Once a signal is acquired, the process enters the tracking mode in which the PRN code is removed (or despread). This
signal has a narrow bandwidth commensurate with the 50-bps navigation message modulated onto the GPS waveform. After the PRN code is despread, the navigation message may be reliably demodulated if received signal strength is above approximately -135 dBm for the duration of the message being received.
The conventional acquisition process is time-consuming, especially if received signals are weak. To improve acquisition time, most GPS receivers utilize multiple correlators, usually at least thirty-six for a
12-channel receiver. The use of multiple correlators allows a parallel search for correlation peaks as a function of time-of-arrival, PRN code, and frequency offset. In some cases, massively parallel (up to 240) correlators have been used to improve acquisition speed and sensitivity. However, it would take more than 8,000 hardware correlators to match the speed and sensitivity of the fast convolution processing technique available in EGPS systems. The performance of fast convolution processing will improve
even further as DSP technology advances.
The EGPS handset
Figure 2
is a handset view of an EGPS system. Note that the conventional tracking loops are replaced by snapshot memory and fast convolution processing. In a handset implementation, most of the digital hardware would be placed on the cell phones baseband digital chip.
When a wireless caller requests location-based services (such as 911 assistance or driving directions from a third-party
provider), the server sends aiding data, including Doppler predictions, from satellites within view to the handsets approximate location. After a snapshot of GPS satellite RF data has been stored in the handsets memory, the RF unit powers down and processes the data using a DSP. Pseudorange measurements are calculated and returned to the server, along with other relevant statistical information. This snapshot approach allows the handset to gather GPS data when it isnt transmitting, eliminating
potential self-interference.
Each message sent between the handset and the location server is small (50 to 100 bytes). This represents a significant reduction in the required communications bandwidth when compared to the bandwidth needed to deliver differential corrections, almanac, ephemeris, and/ or satellite trajectory data to the handset.
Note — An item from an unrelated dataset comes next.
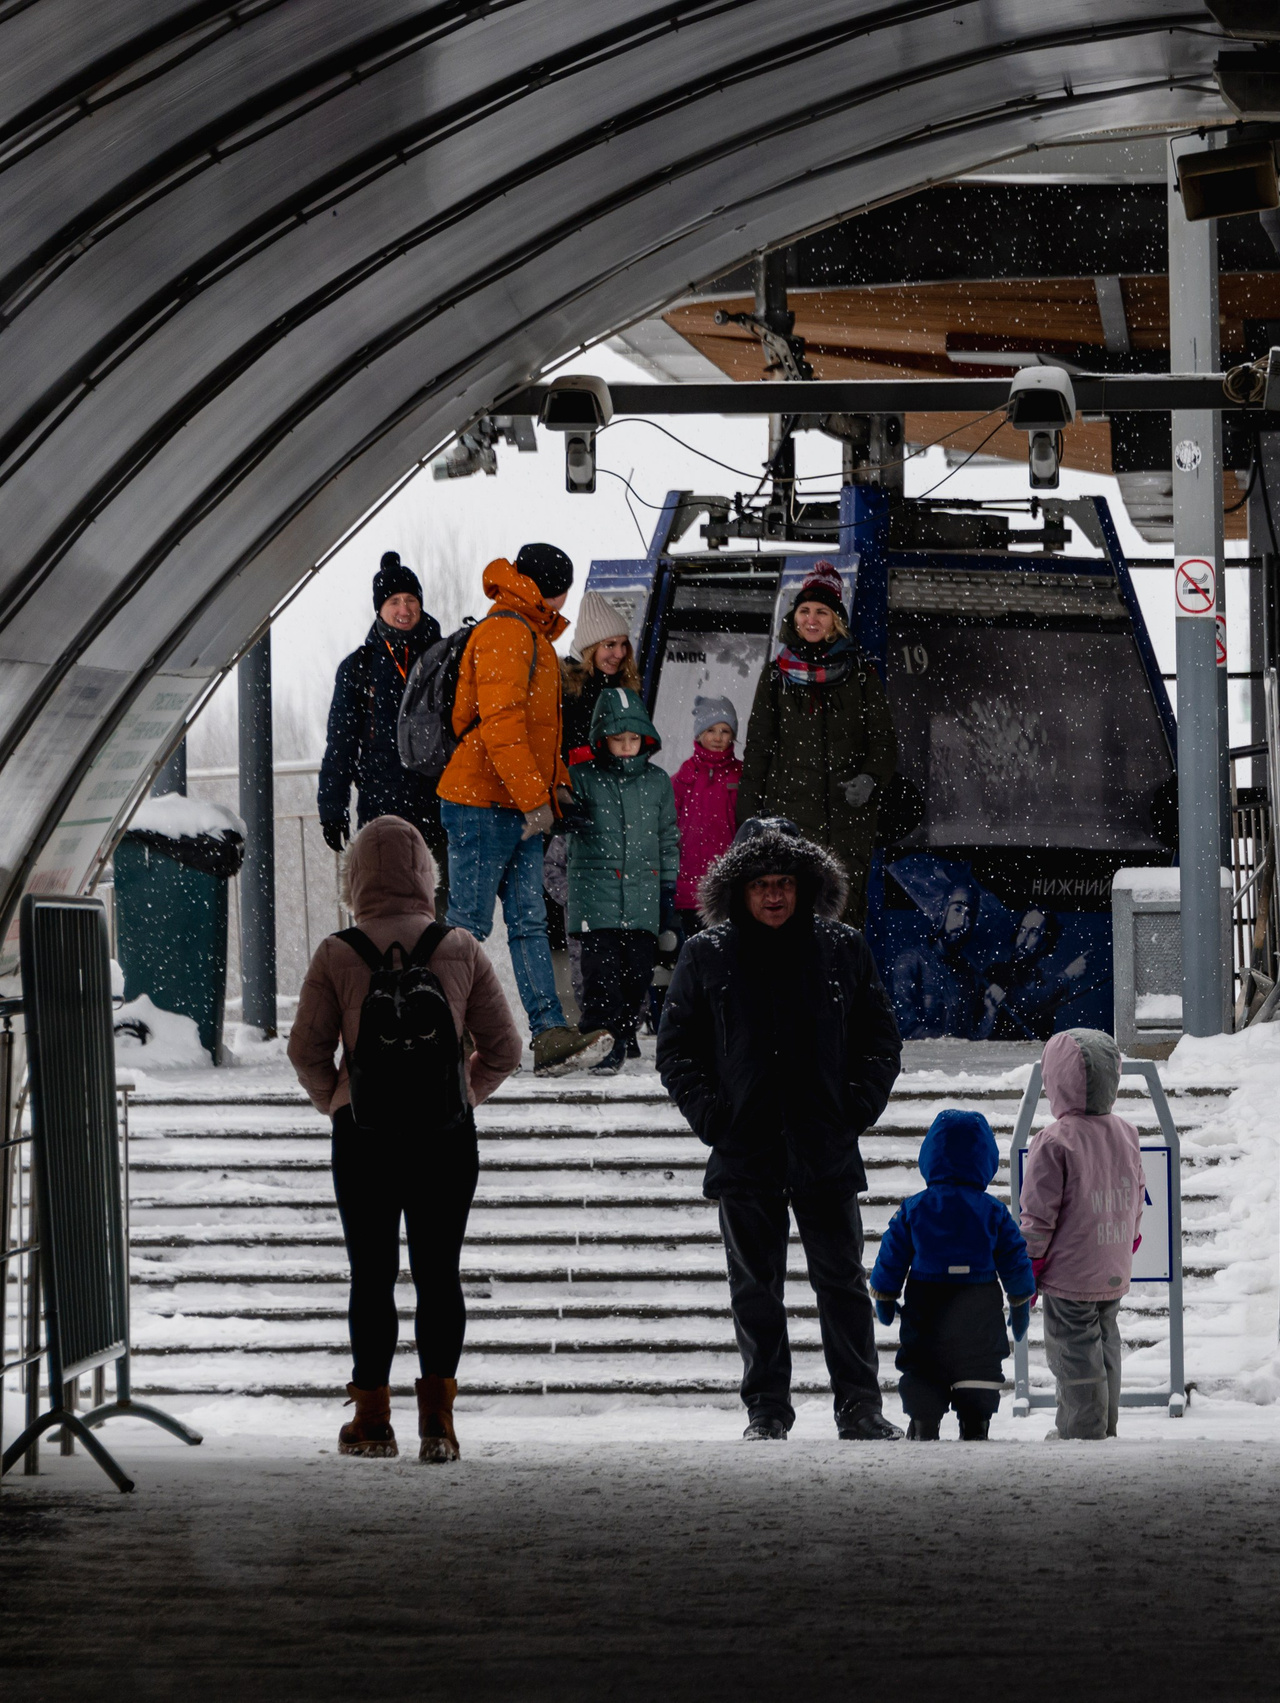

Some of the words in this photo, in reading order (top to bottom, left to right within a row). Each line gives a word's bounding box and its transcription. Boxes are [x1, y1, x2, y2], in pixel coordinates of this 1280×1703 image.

[901, 644, 930, 676] 19
[1031, 875, 1113, 897] НИЖНИЙ
[1090, 1187, 1132, 1215] WHITE
[1096, 1220, 1128, 1246] BEAR
In some EGPS systems, fast convolution processing techniques provide higher sensitivity and faster acquisition speed by performing a large number of fast
Fourier transform (FFT) operations together with special pre- and post-processing operations. It is expected, in a worst-case scenario, that a pseudorange calculation in a 66-MIPS DSP will require approximately 5 sec, with much faster performance in cases where higher-performance DSPs are used or when signal strength is high.
In the system pictured in
Figure 2
, received data is down-converted to a suitably low intermediate frequency (about 2 MHz), digitized, and stored in a
buffer memory. The data is then operated on using a programmable DSP integrated circuit. Unlike the continuously-tracking, hardware correlator-based receivers, the snapshot processing software used in EGPS is not subject to the fluctuating signal levels and changing nature of the signal environment.
Pseudorange computation
Each received GPS signal (C/A code) is constructed from a high-rate (1-MHz) repetitive PRN pattern of 1,023 symbols, commonly called chips. These chips resemble the waveform
shown in
Figure 3
. Further imposed on this pattern is low-rate data, transmitted from the satellite at 50 baud. All of this data is received at a very low signal-to-noise ratio (SNR), measured in a 2-MHz bandwidth. If the carrier frequency and all data rates are known with great precision, and no data is present, then the SNR could be greatly improved by adding successive frames.
For example, there are 1,000 C/A code epochs over a period of 1 sec. The first such epoch
could be coherently added to the next, the result added to the third, and so on. The result would be a signal with a duration of 1,023 chips. The phasing of this sequence could then be compared to a local reference sequence to determine the relative timing between the two, thus establishing the pseudorange. Doppler and local oscillator uncertainty complicate this process. The server reduces these uncertainties by providing Doppler estimates.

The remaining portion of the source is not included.